These securities consist of options and restricted stock issued under the Stock Plan to employees, directors and consultants of the Company.  Under the Stock Plan, options, stock appreciation rights, restricted stock, restricted stock units, common stock and deferred stock may be granted, but the Stock Plan does not separately segregate the shares used for each type of award.

 

 

 

 

 

CERTAIN RELATIONSHIPS AND RELATED PARTY TRANSACTIONS

Review of Related Party Transactions

Under SEC rules, related‑party transactions are those transactions to which we are or may be a party in which the amount involved exceeds $120,000, and in which any of our directors or executive officers or any other related person had or will have a direct or indirect material interest, excluding, among other things, compensation arrangements with respect to employment and board membership. 

The Board has adopted a written Policy Regarding Transactions with Related Persons, which is administered by the Audit Committee. This Policy applies to any transaction or series of transactions in which the Company or a subsidiary is a participant, the amount involved exceeds $120,000 and a Related Person (as defined in Item 404(a) of SEC Regulation S-K) has a direct or indirect material interest; provided, however, the Board has determined that certain transactions not required to be reported pursuant to Item 404(a) of SEC Regulation S-K are not considered to be transactions covered by the Policy. Under the Policy, a related party transaction must be reported to our General Counsel and be reviewed and approved or ratified by the Audit Committee in accordance with the terms of the Policy, prior to the effectiveness or consummation of the transaction, whenever practicable. The Audit Committee will review all relevant information available to it about the potential related party transaction. The Audit Committee, in its sole discretion, may impose such conditions as it deems appropriate on the Company or the Related Person in connection with the approval of the related party transaction. We also poll our directors and executive officers on an annual basis with respect to related‑party transactions and their service as an officer or director of other entities. Any director involved in a related‑party transaction that is being reviewed or approved must recuse himself or herself from participation in any related deliberation or decision.
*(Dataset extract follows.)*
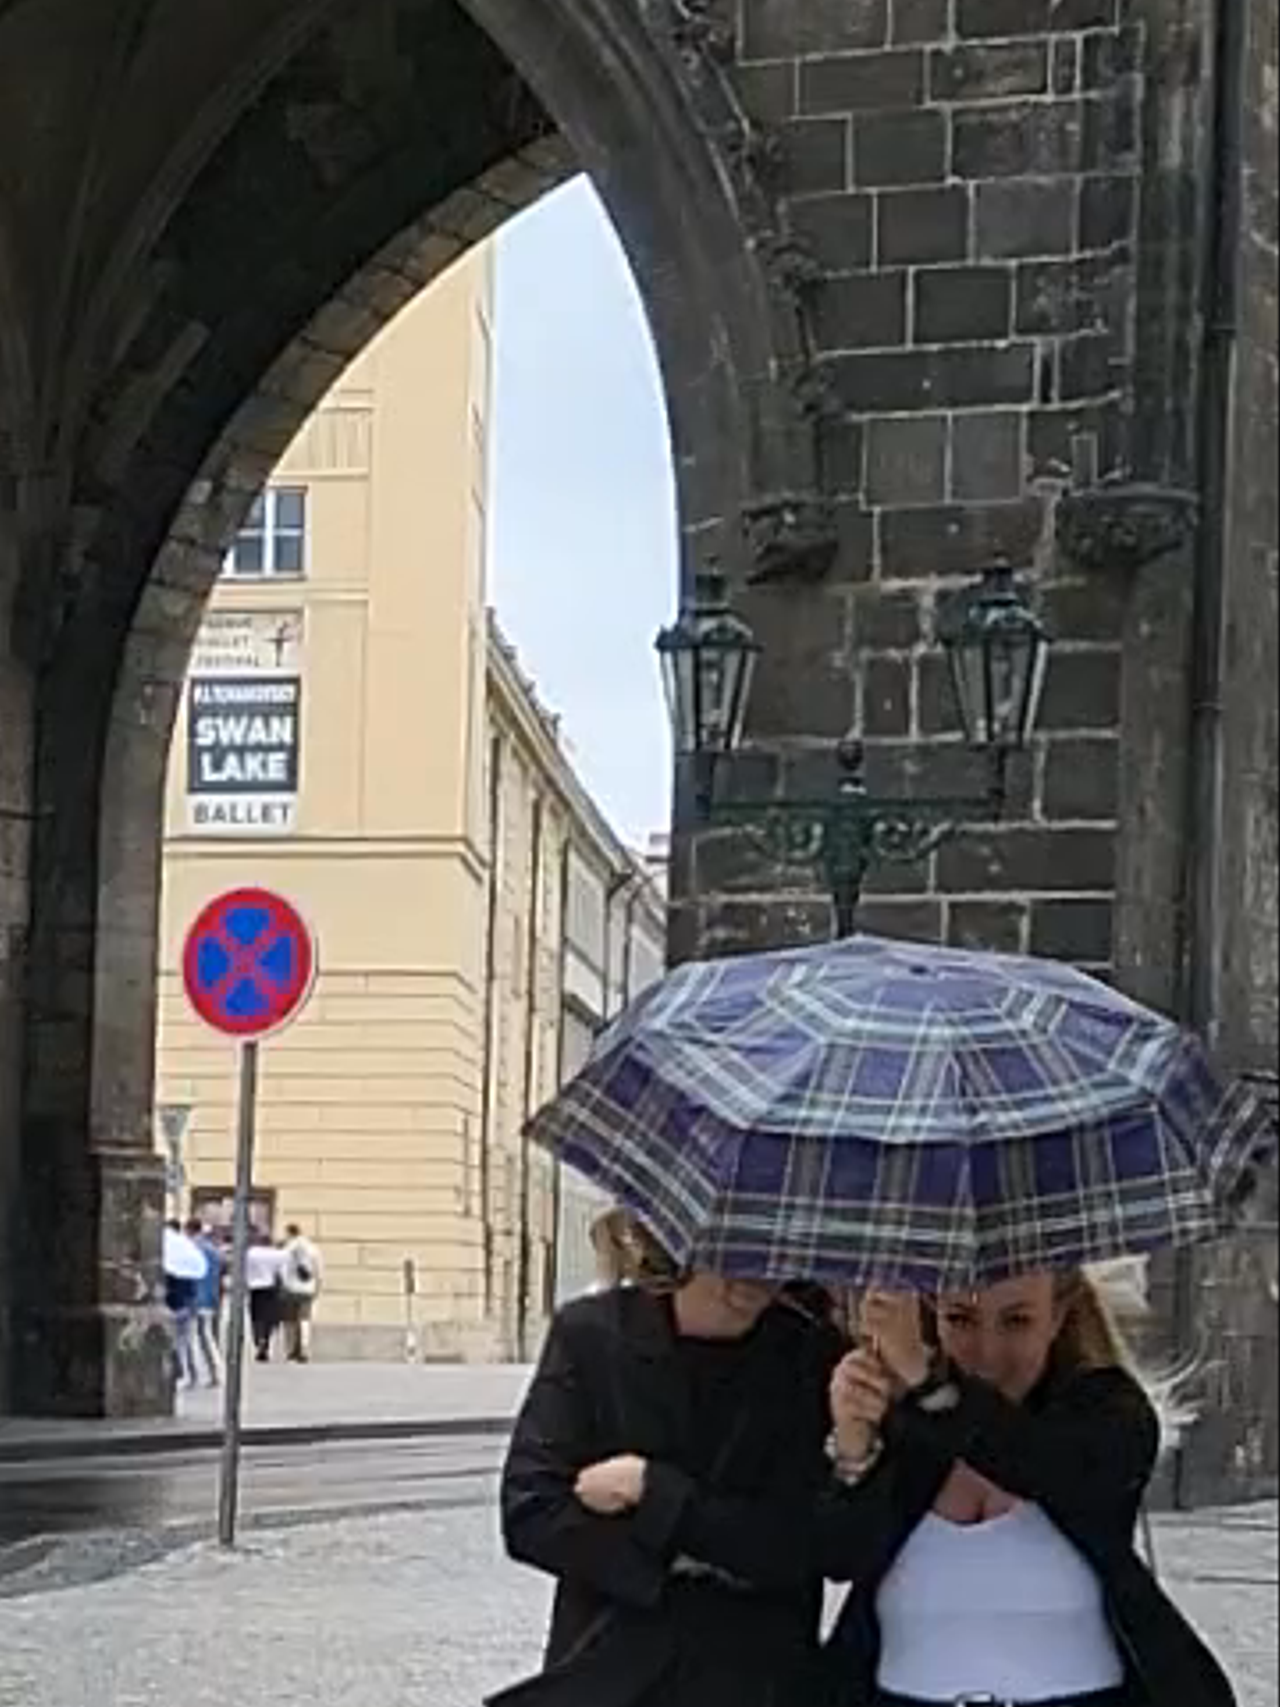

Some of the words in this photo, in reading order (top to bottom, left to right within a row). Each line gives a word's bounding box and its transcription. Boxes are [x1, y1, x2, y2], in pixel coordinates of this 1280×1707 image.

[196, 715, 294, 746] SWAN
[200, 751, 289, 782] LAKE
[193, 802, 293, 825] BALLET
There were no related party transactions for the fiscal year ended 2016 that exceed $120,000, and in which any of our directors, executive officers or to our knowledge, beneficial owners of more than 5% of our capital stock, had or will have a direct or indirect material interest.

28


 

CHANGE IN INDEPENDENT REGISTERED PUBLIC ACCOUNTING FIRM

As described in our current report on Form 8-K filed with the SEC on June 19, 2015, o n June 15, 2015, the audit committee of our board of directors (the “Audit Committee”), which has the responsibility to engage and dismiss our principal accounting firm under Rule 10A-3(b)(2) promulgated under the Exchange Act and the Audit Committee’s charter, unanimously approved the dismissal of Grant Thornton LLP (“Grant Thornton”) as our independent registered public accounting firm.

 

Grant Thornton served as our independent registered public accounting firm for the years ended December 31, 2013 and 2014. Except as disclosed below, the audit reports of Grant Thornton on our financial statements as of and for the years ended December 31, 2013 and 2014 did not contain an adverse opinion or disclaimer of opinion and were not qualified or modified as to uncertainty, audit scope or accounting principles. In its report on our consolidated financial statements for the year ended December 31, 2014, Grant Thornton included an explanatory paragraph expressing substantial doubt regarding our ability to continue as a going concern.

 

Except as disclosed below, during our fiscal years ended December 31, 2013 and 2014 and in the subsequent period through June 15, 2015, there were no disagreements with Grant Thornton on any matter of accounting principles or practices, financial statement disclosure, or auditing scope or procedure, which disagreements if not resolved to the satisfaction of Grant Thornton would have caused it to make reference to the subject matter of the disagreements in connection with its audit report, nor were there any “reportable events” as such term is defined in Item 304(a)(1)(v) of Regulation S-K, promulgated under the Exchange Act.  The only “reportable event”, which is in response to Item 304(a)(1)(v), related to our consolidated financial statements as of and for the year ended December 31, 2013, in which we and Grant Thornton identified control deficiencies in the design and operation of our internal control over financial reporting that constituted material weaknesses in our internal control over financial reporting. The material weaknesses identified were that we did not have sufficient financial reporting and accounting staff with appropriate training in U.S. GAAP and SEC rules and regulations with respect to financial reporting and a lack of segregation of duties. In management’s opinion, the material weaknesses identified above were remediated as of December 31, 2014.

 

Effective June 15, 2015, the Audit Committee unanimously approved to engage Ernst & Young LLP (“Ernst & Young”) to serve as the our independent registered accounting firm to audit our consolidated financial statements for the fiscal year ended December 31, 2015.

 

During the fiscal years ended December 31, 2013 and 2014 and through June 15, 2015, the date of the engagement of Ernst & Young, neither we nor any person on its behalf has consulted with Ernst & Young with respect to either (i) the application of accounting principles to a specified transaction, either completed or proposed, or the type of audit opinion that might be rendered on our consolidated financial statements or (ii) any matter that was either the subject of a “disagreement” or a “reportable event” as such terms are described in Items 304(a)(1)(iv) or 304(a)(1)(v), respectively, of Regulation S-K promulgated under the Exchange Act.

 

29


 

PROPOSAL 2

RATIFICATION OF SELECTION OF INDEPENDENT REGISTERED PUBLIC ACCOUNTING FIRM

The Audit Committee has selected Ernst & Young LLP as our independent registered public accounting firm for the fiscal year ending December 31, 2017 and has further directed that management submit the selection of its independent registered public accounting firm for ratification by the stockholders at the Annual Meeting. Representatives of Ernst & Young are expected to be present at the Annual Meeting. Such representatives will have an opportunity to make a statement if they so desire and will be available to respond to appropriate questions.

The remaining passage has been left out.